IN SHORT: This paper addresses the core challenge of achieving accurate, interpretable, and training-free nanoparticle counting in digital diagnostic assays, which is critical for detecting low-abundance biomarkers with high sensitivity.

Innovation (TL;DR)

  • Methodology Introduces a multiple-hypothesis statistical testing framework for particle counting, eliminating the need for empirical thresholds or training data common in traditional and ML-based methods.
  • Methodology Formulates the detection problem under an explicit image-formation model (Poisson noise, Gaussian PSF) and uses a penalized likelihood rule with an information-criterion complexity penalty for robust hypothesis selection.
  • Biology/Application Validates the method on experimental dark-field images of a nanoparticle-based assay for SARS-CoV-2 DNA biomarkers, demonstrating statistically significant differentiation between control and positive samples and providing insights into particle aggregation.

Key conclusions

  • The algorithm demonstrates robust count accuracy in simulations across challenging conditions: weak signals (low SBR), variable backgrounds, magnification changes, and moderate PSF mismatch.
  • Applied to experimental SARS-CoV-2 biomarker detection, the method revealed statistically significant differences in particle count distributions between control and positive samples, confirming practical utility.
  • Full count statistics from the experimental assay exhibited consistent over-dispersion, providing quantitative insight into non-specific and target-induced nanoparticle aggregation phenomena.
Background and Gap: Current particle detection methods for digital assays rely on heuristic thresholding (arbitrary parameters) or machine learning (requires large annotated datasets, lacks interpretability), creating a bottleneck for reliable, calibration-free quantification in low signal-to-noise regimes.

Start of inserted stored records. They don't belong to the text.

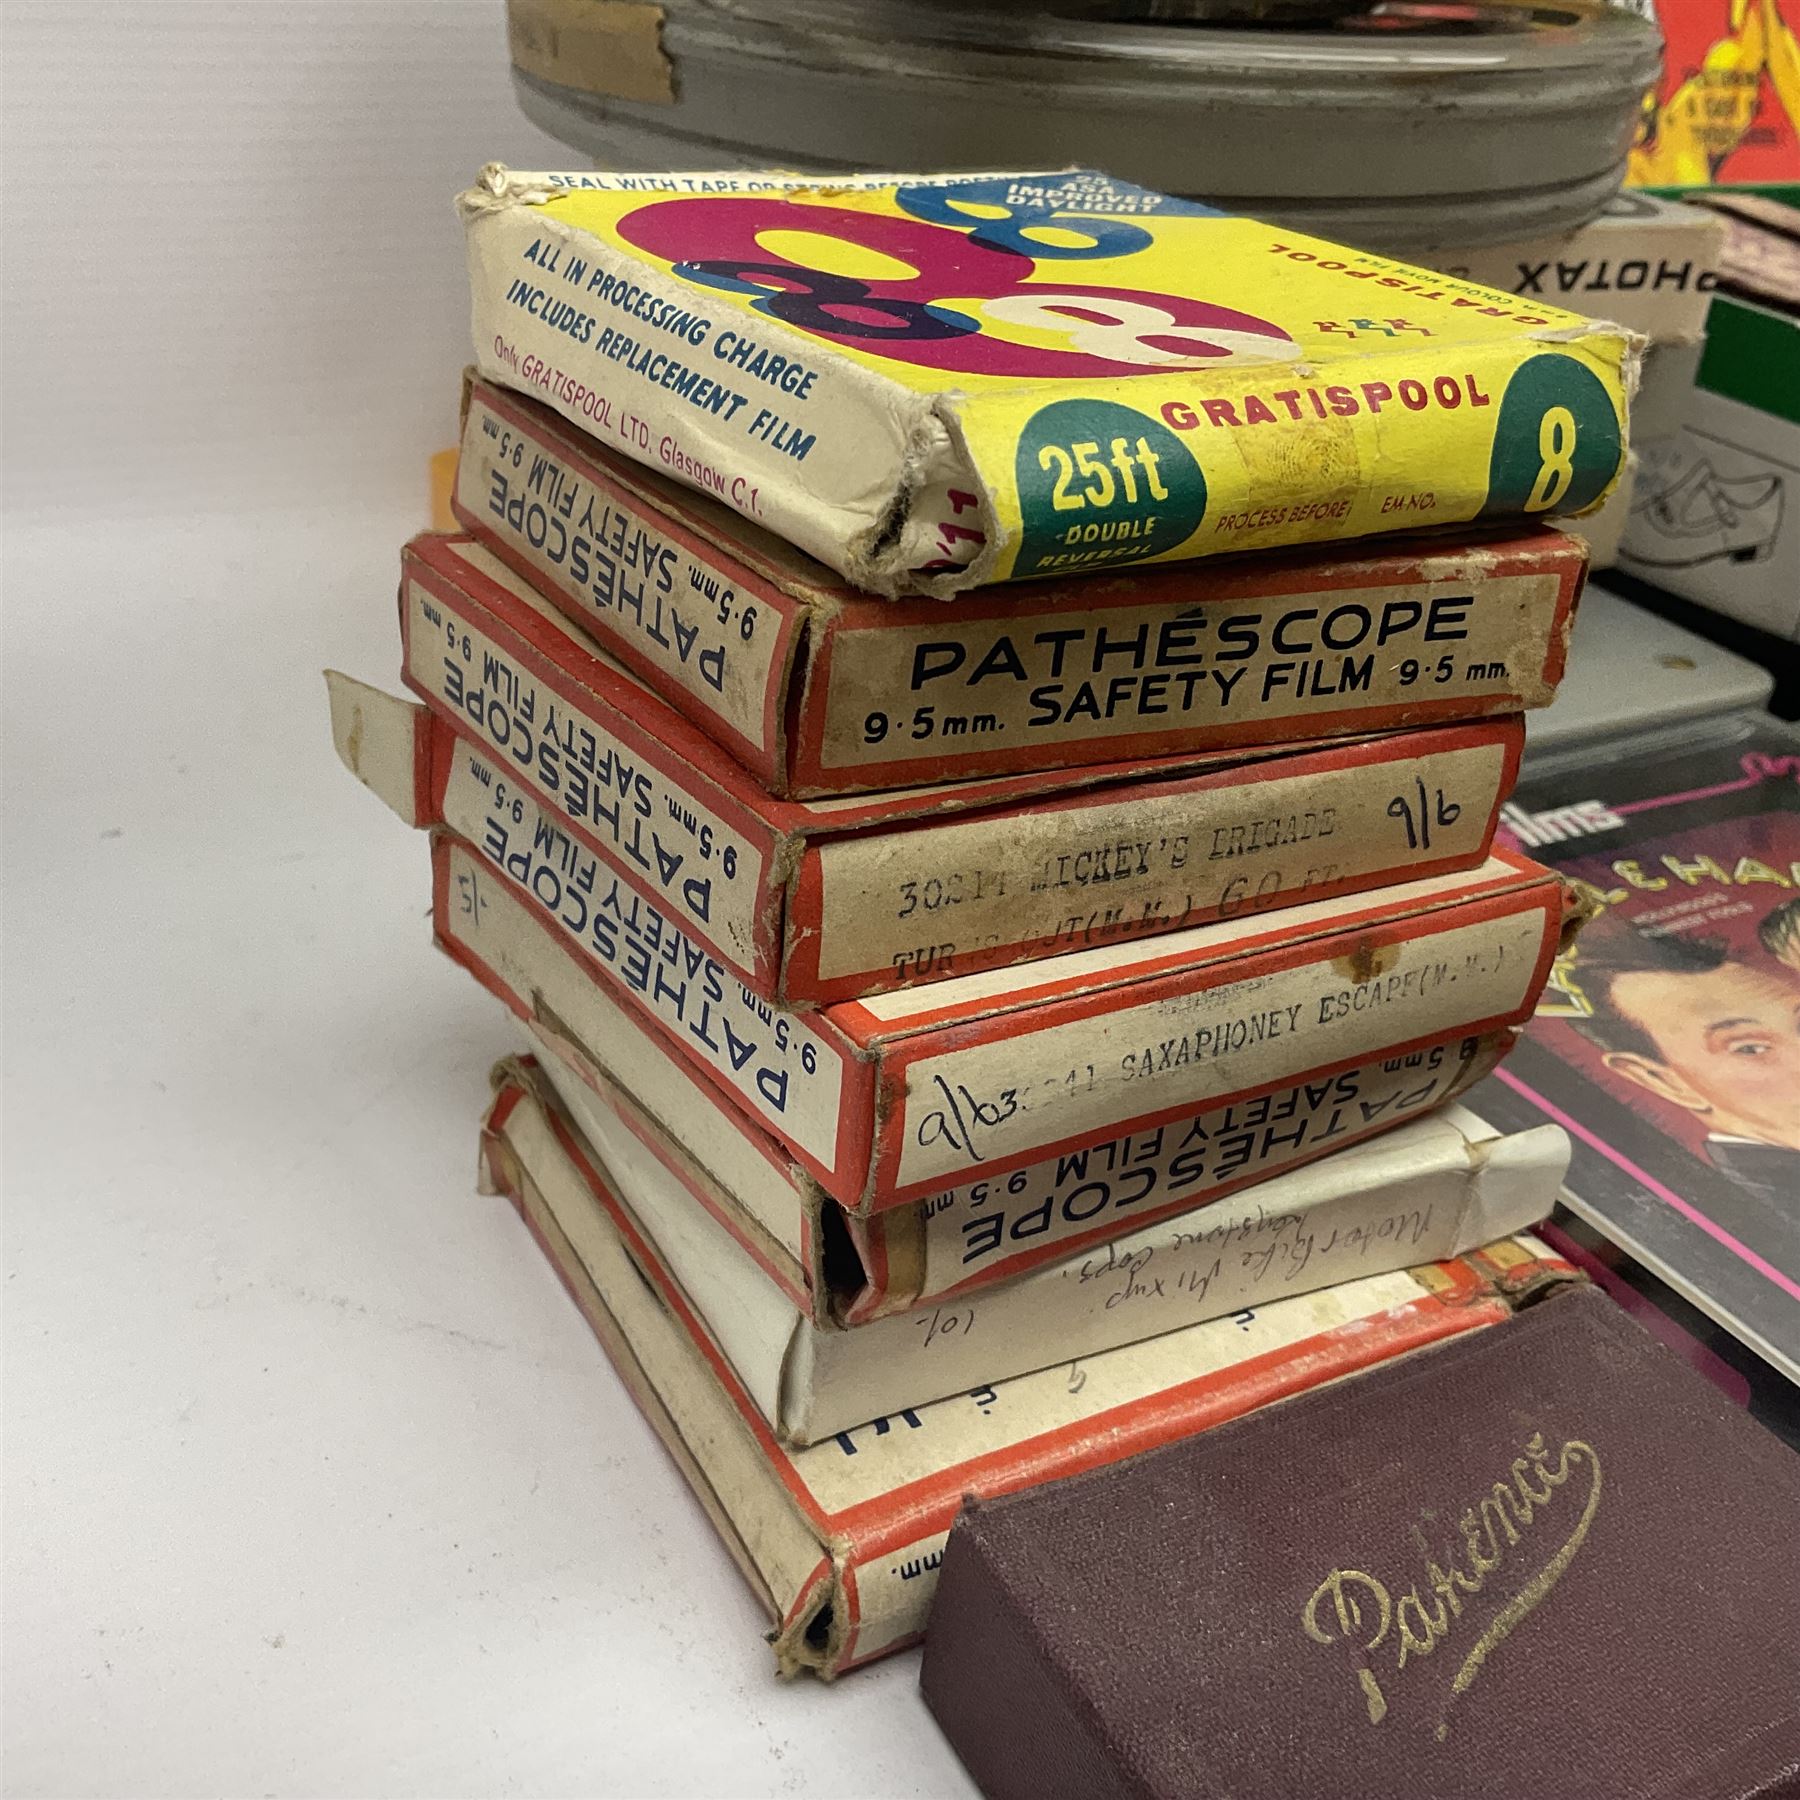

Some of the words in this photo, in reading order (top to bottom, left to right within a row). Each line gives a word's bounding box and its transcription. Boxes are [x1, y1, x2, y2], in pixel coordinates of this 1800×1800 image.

[548, 175, 611, 191] SEAL
[615, 178, 678, 192] WITH
[1005, 194, 1158, 213] DAYLIGHT
[1008, 184, 1163, 205] IMPROVED
[1060, 182, 1115, 195] ASA
[524, 238, 557, 282] ALL
[568, 254, 587, 286] IN
[592, 268, 713, 348] PROCESSING
[713, 330, 818, 400] CHARGE
[1267, 243, 1550, 326] GRATISPOOL
[506, 278, 596, 344] INCLUDES
[595, 326, 748, 423] REPLACEMENT
[750, 407, 818, 461] FILM
[1160, 373, 1492, 432] GRATISPOOL
[494, 335, 520, 368] Only
[522, 353, 612, 428] GRATISPOOL
[620, 413, 654, 455] LTD.
[659, 435, 727, 496] Glasgow
[527, 453, 579, 519] FILM
[1038, 434, 1169, 512] 25ft
[1523, 406, 1578, 513] 8
[578, 495, 678, 593] SAFETY
[1063, 516, 1157, 546] DOUBLE
[1214, 507, 1286, 534] PROCESS
[1287, 500, 1349, 524] BEFORE
[489, 468, 727, 692] PATHÉSCOPE
[909, 593, 1477, 693] PATHÉSCOPE
[484, 650, 536, 724] FILM
[1026, 666, 1253, 728] SAFETY
[1259, 652, 1376, 703] FILM
[443, 656, 711, 923] PATHÉSCOPE
[542, 704, 653, 818] SAFETY
[533, 815, 597, 893] FILM
[482, 815, 790, 1114] PATHÉSCOPE
[602, 878, 726, 1003] SAFETY
[1121, 1003, 1303, 1082] SAXAPHONEY
[1178, 1068, 1362, 1142] SAFETY
[961, 1076, 1441, 1265] PATHÉSCOPE
[1055, 1126, 1165, 1179] FILM

Abstract: Digital assays represent a shift from traditional diagnostics and enable the precise detection of low-abundance analytes, critical for early disease diagnosis and personalized medicine, through discrete counting of biomolecular reporters. Within this paradigm, we present a particle counting algorithm for nanoparticle based imaging assays, formulated as a multiple-hypothesis statistical test under an explicit image-formation model and evaluated using a penalized likelihood rule. In contrast to thresholding or machine learning methods, this approach requires no training data or empirical parameter tuning, and its outputs remain interpretable through direct links to imaging physics and statistical decision theory. Through numerical simulations we demonstrate robust count accuracy across weak signals, variable backgrounds, magnification changes and moderate PSF mismatch. Particle resolvability tests further reveal characteristic error modes, including under-counting at very small separations and localized over-counting near the resolution limit. Practically, we also confirm the algorithm’s utility, through application to experimental dark-field images comprising a nanoparticle-based assay for detection of DNA biomarkers derived from SARS-CoV-2. Statistically significant differences in particle count distributions are observed between control and positive samples. Full count statistics obtained further exhibit consistent over-dispersion, and provide insight into non-specific and target-induced particle aggregation. These results establish our method as a reliable framework for nanoparticle-based detection assays in digital molecular diagnostics.